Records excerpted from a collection
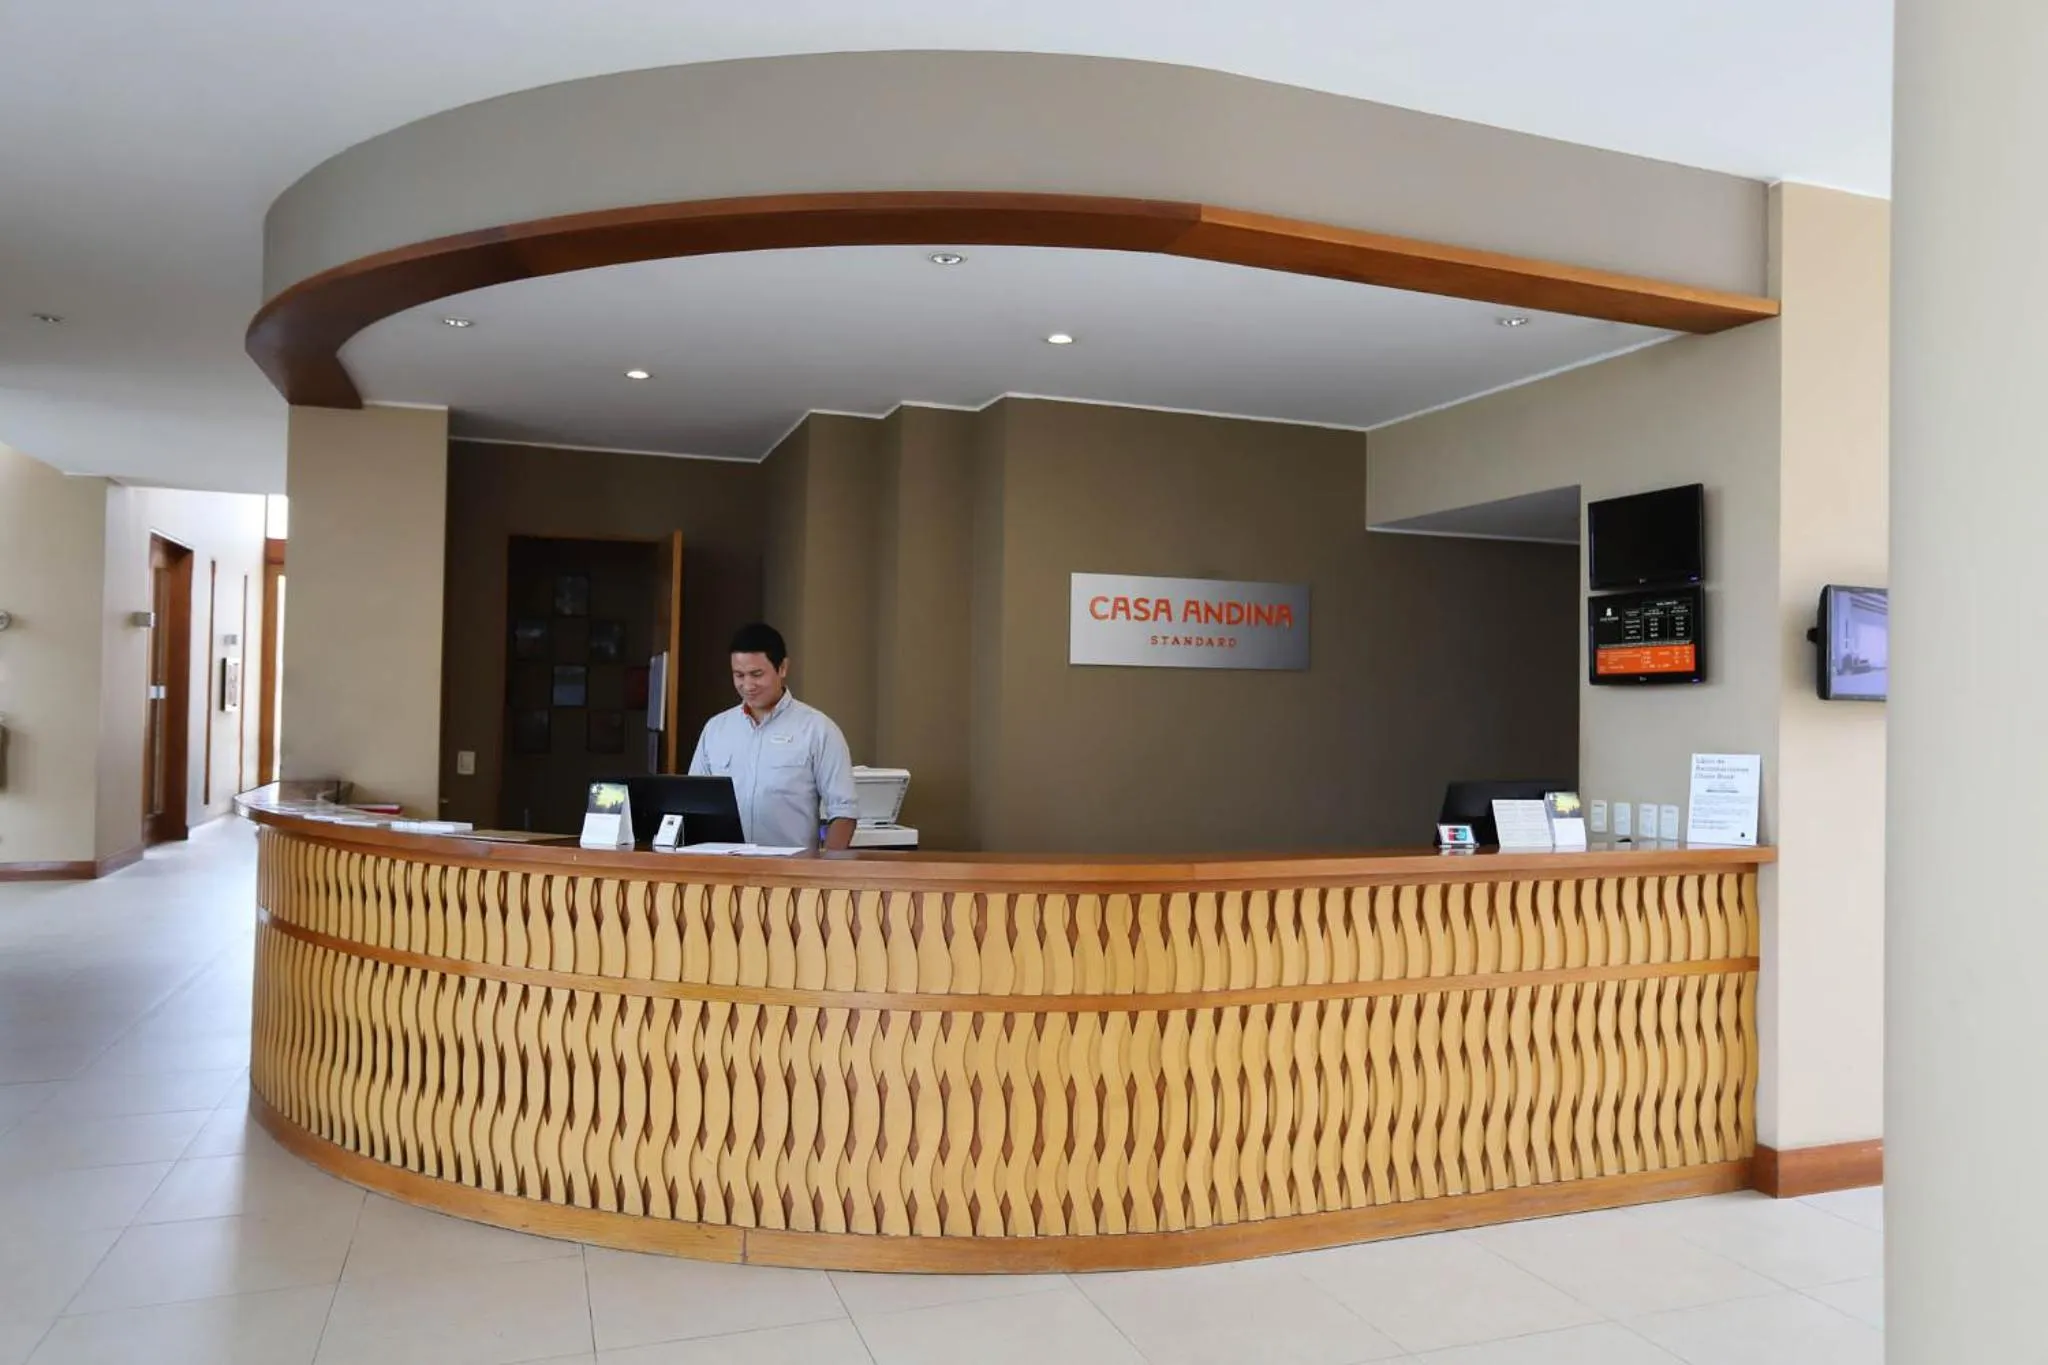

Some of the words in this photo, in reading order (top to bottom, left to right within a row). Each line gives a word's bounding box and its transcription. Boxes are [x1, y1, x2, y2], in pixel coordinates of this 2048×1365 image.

[1089, 596, 1172, 622] CASA
[1182, 600, 1293, 628] ANDINA
[1150, 635, 1237, 648] STANDARD
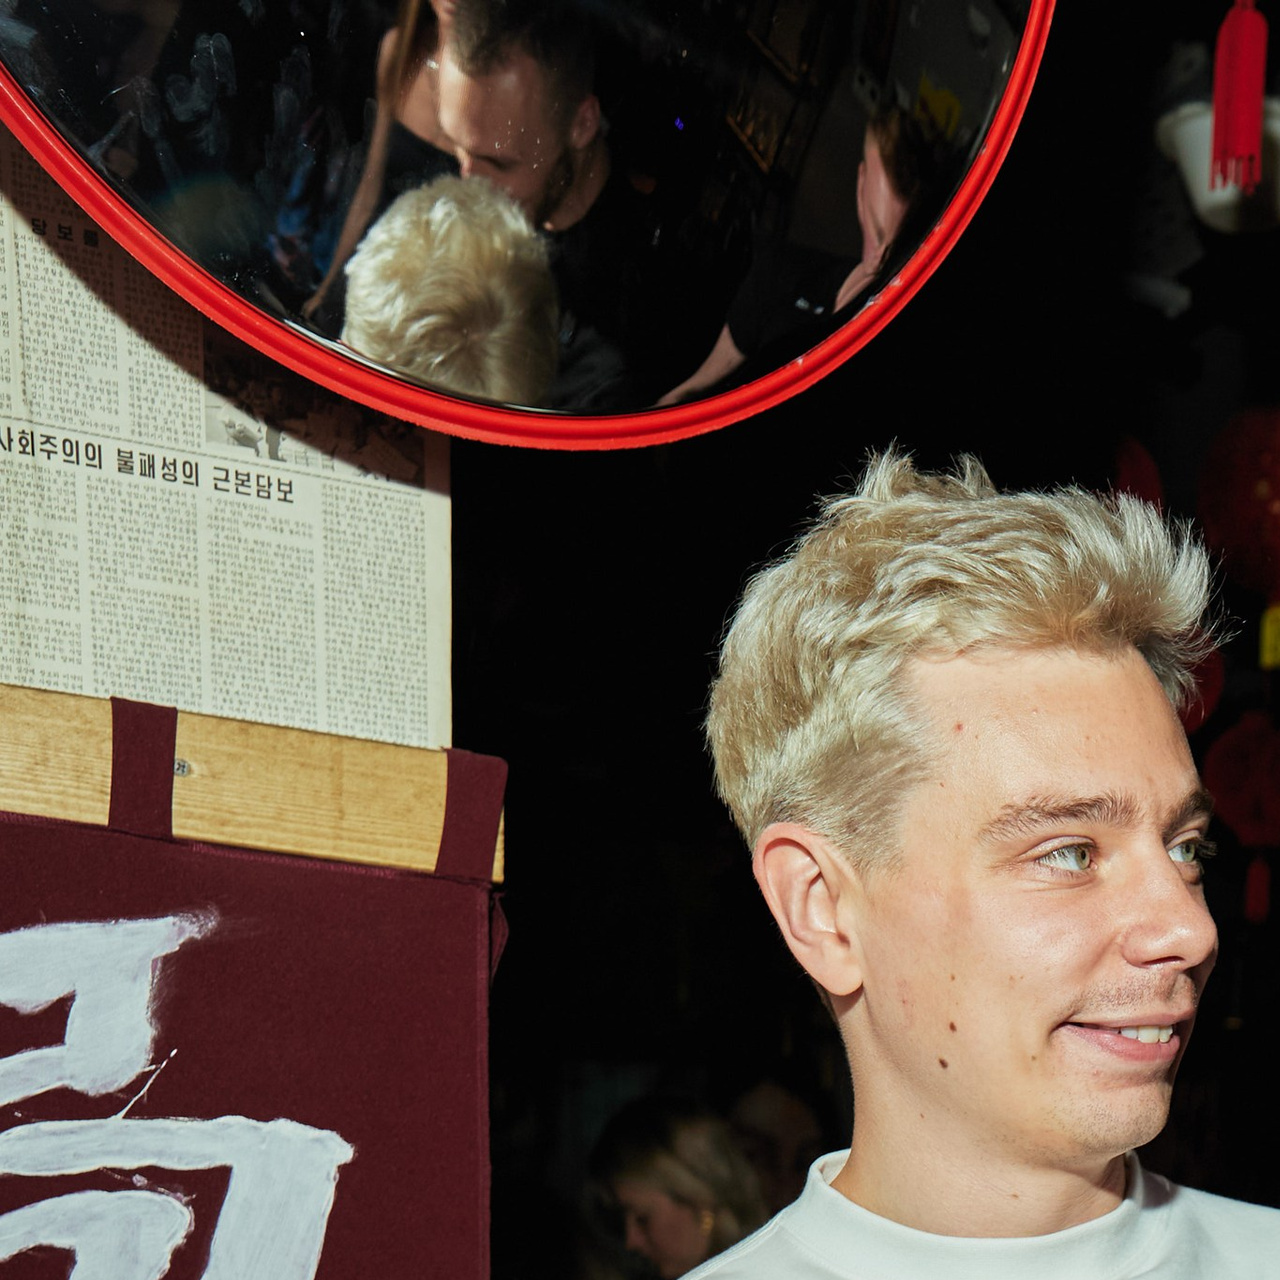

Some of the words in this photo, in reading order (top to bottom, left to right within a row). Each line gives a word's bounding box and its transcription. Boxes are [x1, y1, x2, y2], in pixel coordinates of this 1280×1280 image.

PROBLEM TO SOLVE
Could you repeat the entries word for word, skipping the pictures they contain?

RESPONSE TO THIS TASK
Some of the words in this photo, in reading order (top to bottom, left to right within a row). Each line gives a word's bounding box and its transcription. Boxes are [x1, y1, x2, y2], in pixel coordinates of this 2048×1365 image.

[1089, 596, 1172, 622] CASA
[1182, 600, 1293, 628] ANDINA
[1150, 635, 1237, 648] STANDARD

Some of the words in this photo, in reading order (top to bottom, left to right within a row). Each line gives a word's bounding box and its transcription. Boxes are [x1, y1, x2, y2], in pixel coordinates of this 1280×1280 image.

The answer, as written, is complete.